DCIS is classified into high-, intermediate-, and low-grade forms. The description of the histologic architecture of DCIS uses words such as comedocarcinoma, which describes the appearance of the comedos of extruded thick tenacious material that resembles a pimple and often calcifies centrally. The terms micropapillary, solid, and cribriform reflect the DCIS architecture in the duct.

It used to be thought that specific suspicious calcification forms suggested specific DCIS histologies, but this is a myth. Although comedo-type DCIS calcifications are often “casting” and micropapillary and cribriform DCIS calcifications are often “granular,” Stomper and Connolly showed that DCIS subtype calcification forms overlap within histologic types. Casting or granular calcifications do not predict a specific DCIS histology, nor do they predict whether cancer is microinvasive or invasive. Casting or granular calcifications can form in DCIS and in microinvasive or invasive ductal cancer. Thus, the radiologist cannot predict if suspicious calcifications are signs of invasive or noninvasive cancers.

Because calcifications can be the only sign of malignancy, is important to analyze all of the individual calcifications in a cluster. Radiologists should not dismiss a calcification cluster simply because it contains a few round benign-appearing calcifications. DCIS may form some benign-appearing round calcifications by spreading into a round lobule, a development called cancerization of the lobule. This results in a few round or amorphous calcifications mixed in with pleomorphic calcifications. Thus, the presence of a few round benign-appearing calcifications within a cluster does not exclude a diagnosis of cancer. The radiologist should decide to biopsy a cluster based on the worst-looking calcifications in the group.

Calcification Group Shape or Distribution within the Breasts

Calcification distributions that may represent cancer in the ACR BI-RADS® lexicon are those described as clustered or grouped, linear, branching (calcifications in a line that may show branching) (Fig. 3-6), and segmental (Fig. 3-7). Cancer forms in diseased ducts within a breast lobe, or the so-called “sick lobe,” as described by Tot and Gere.

Isolated calcification clusters suggest an isolated disease process in a small volume of tissue. This may represent DCIS, invasive cancer, fibrocystic change, papilloma, or sclerosing adenosis. For clusters, one analyzes both the individual calcification forms and the overall cluster shape, which may be a clue to whether the cluster is benign or malignant. Lanyi suggested that the overall cluster shape is especially suspicious if it has a swallowtail, or V, shape, because it suggests cancer in tumor-packed branching ducts. On the other hand, calcifications forming in round clusters may be forming in acini and be benign, especially if the individual calcifications within the cluster are also benign-appearing (see Fig. 3-7E).
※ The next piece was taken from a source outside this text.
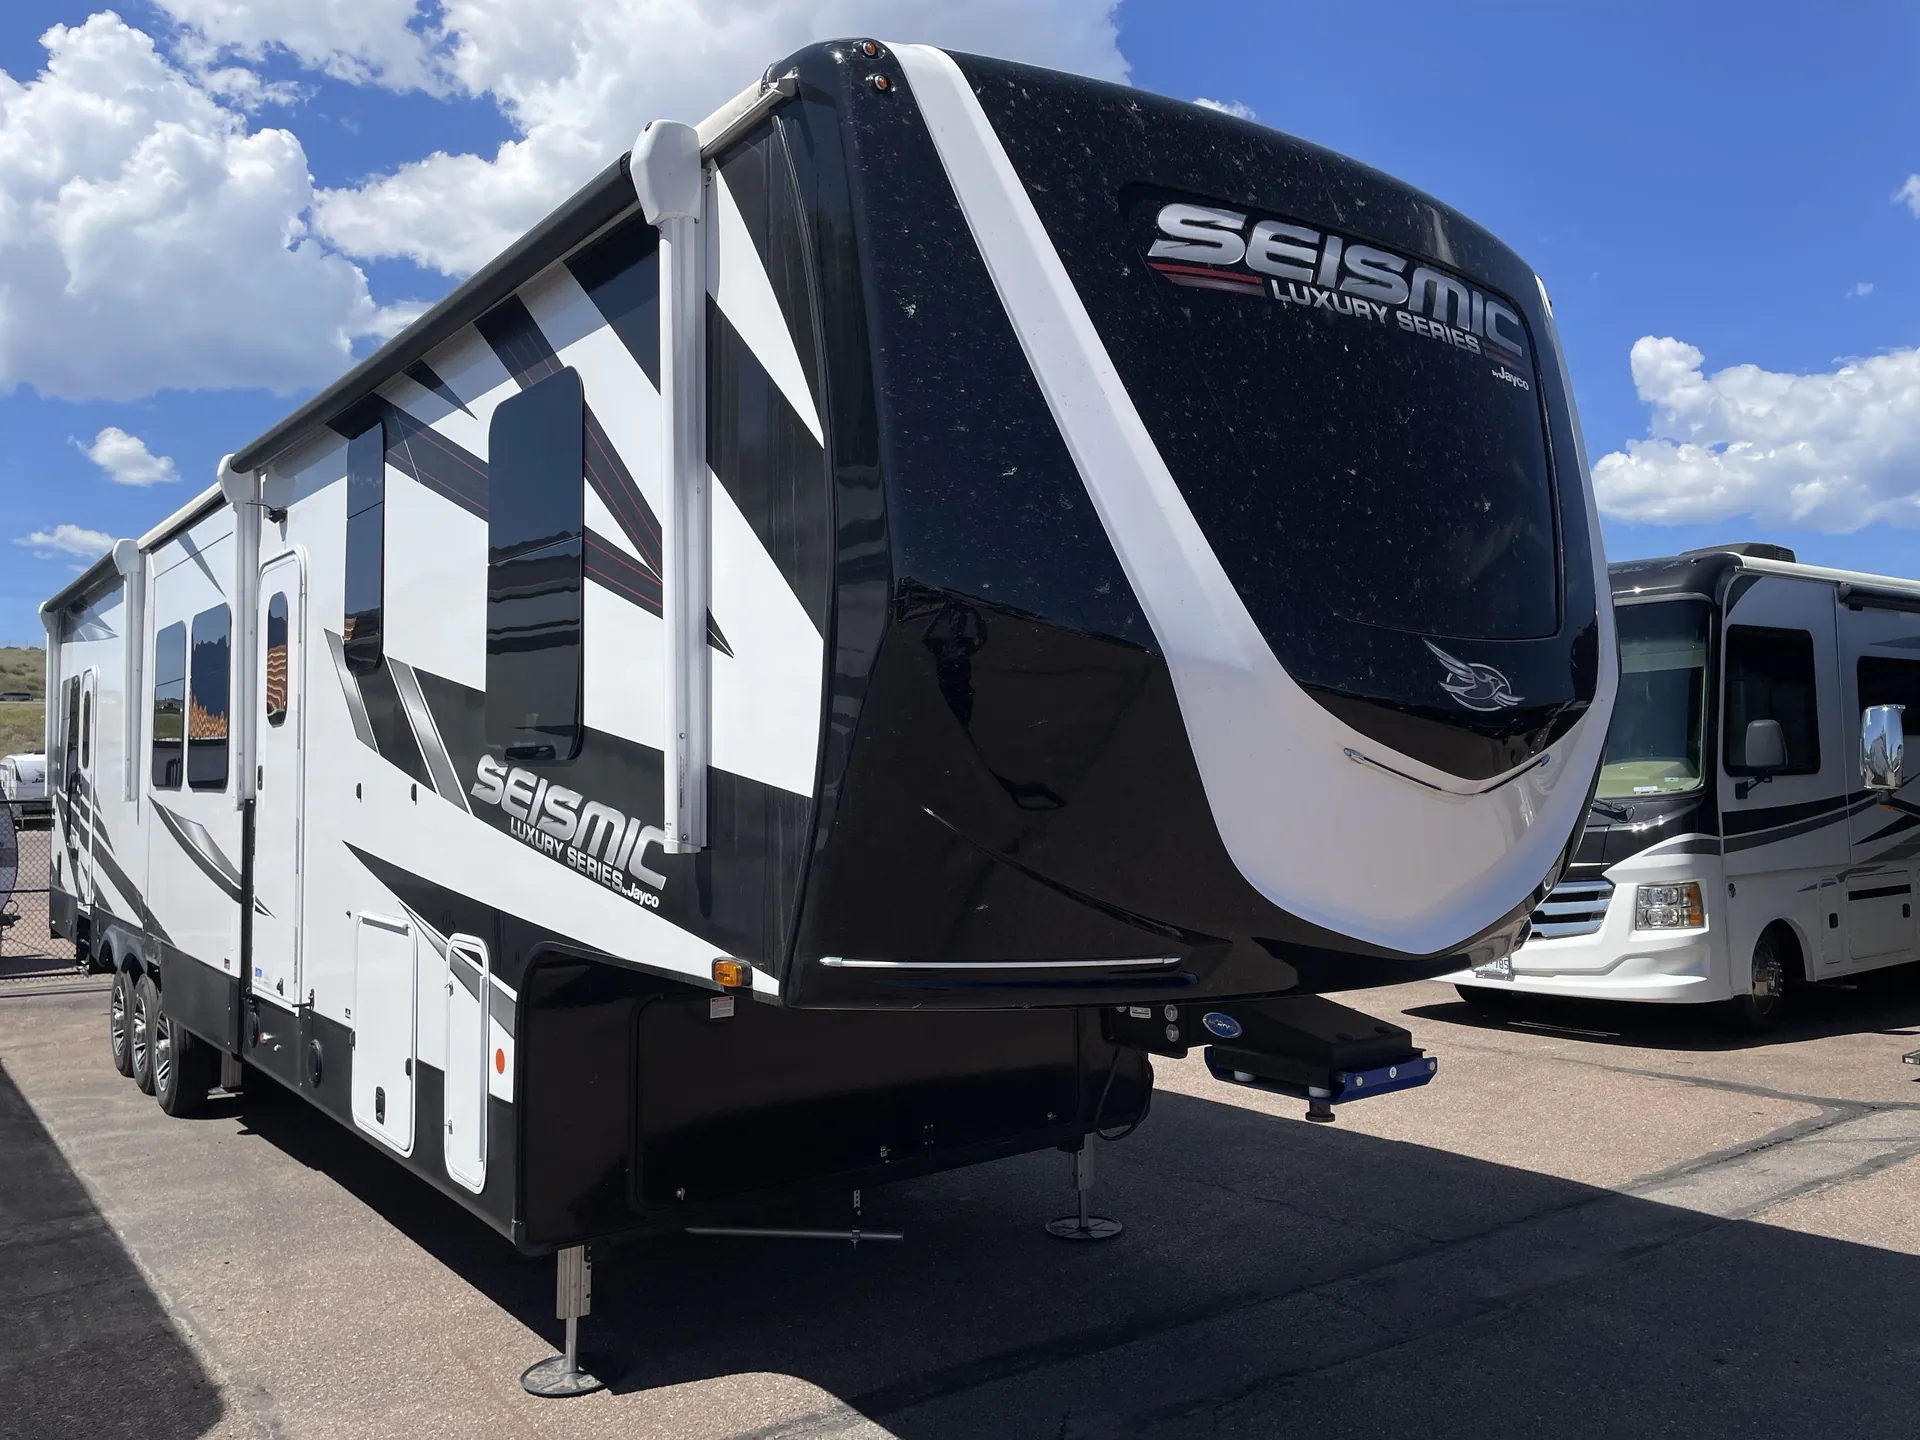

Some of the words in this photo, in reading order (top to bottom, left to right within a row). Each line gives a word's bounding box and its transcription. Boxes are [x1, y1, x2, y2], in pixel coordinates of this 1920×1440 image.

The ACR BI-RADS® terms linear branching and segmental describe suspicious findings because they suggest a process within a duct and its branches. The term linear describes calcifications in a line and can represent tumor in a duct or a focal benign process. A segmental distribution is suspicious for cancer because it suggests a process within a branch and its ducts. Segmental calcifications cover slightly less than a quadrant and form in a triangle with its apex pointing at the nipple (see Fig. 3-7F to H).

BI-RADS® terms suggesting benign calcification distributions include regional and diffuse/scattered (see Fig. 3-7I). This pattern suggests innumerable scattered and occasionally clustered calcifications widely dispersed over the breasts and often reflects benign processes, which are also often spread widely throughout both breasts. Calcifications widely distributed in both breasts are usually due to fibrocystic change. Regional calcifications extend over more than one ductal distribution (Box 3-4). Diffuse extensive benign-appearing calcifications in both breasts rarely represent breast cancer. The decision to biopsy calcifications is based on their distribution within the breasts, the worst features of the individual calcification clusters, change over time, the clinical scenario, and common sense.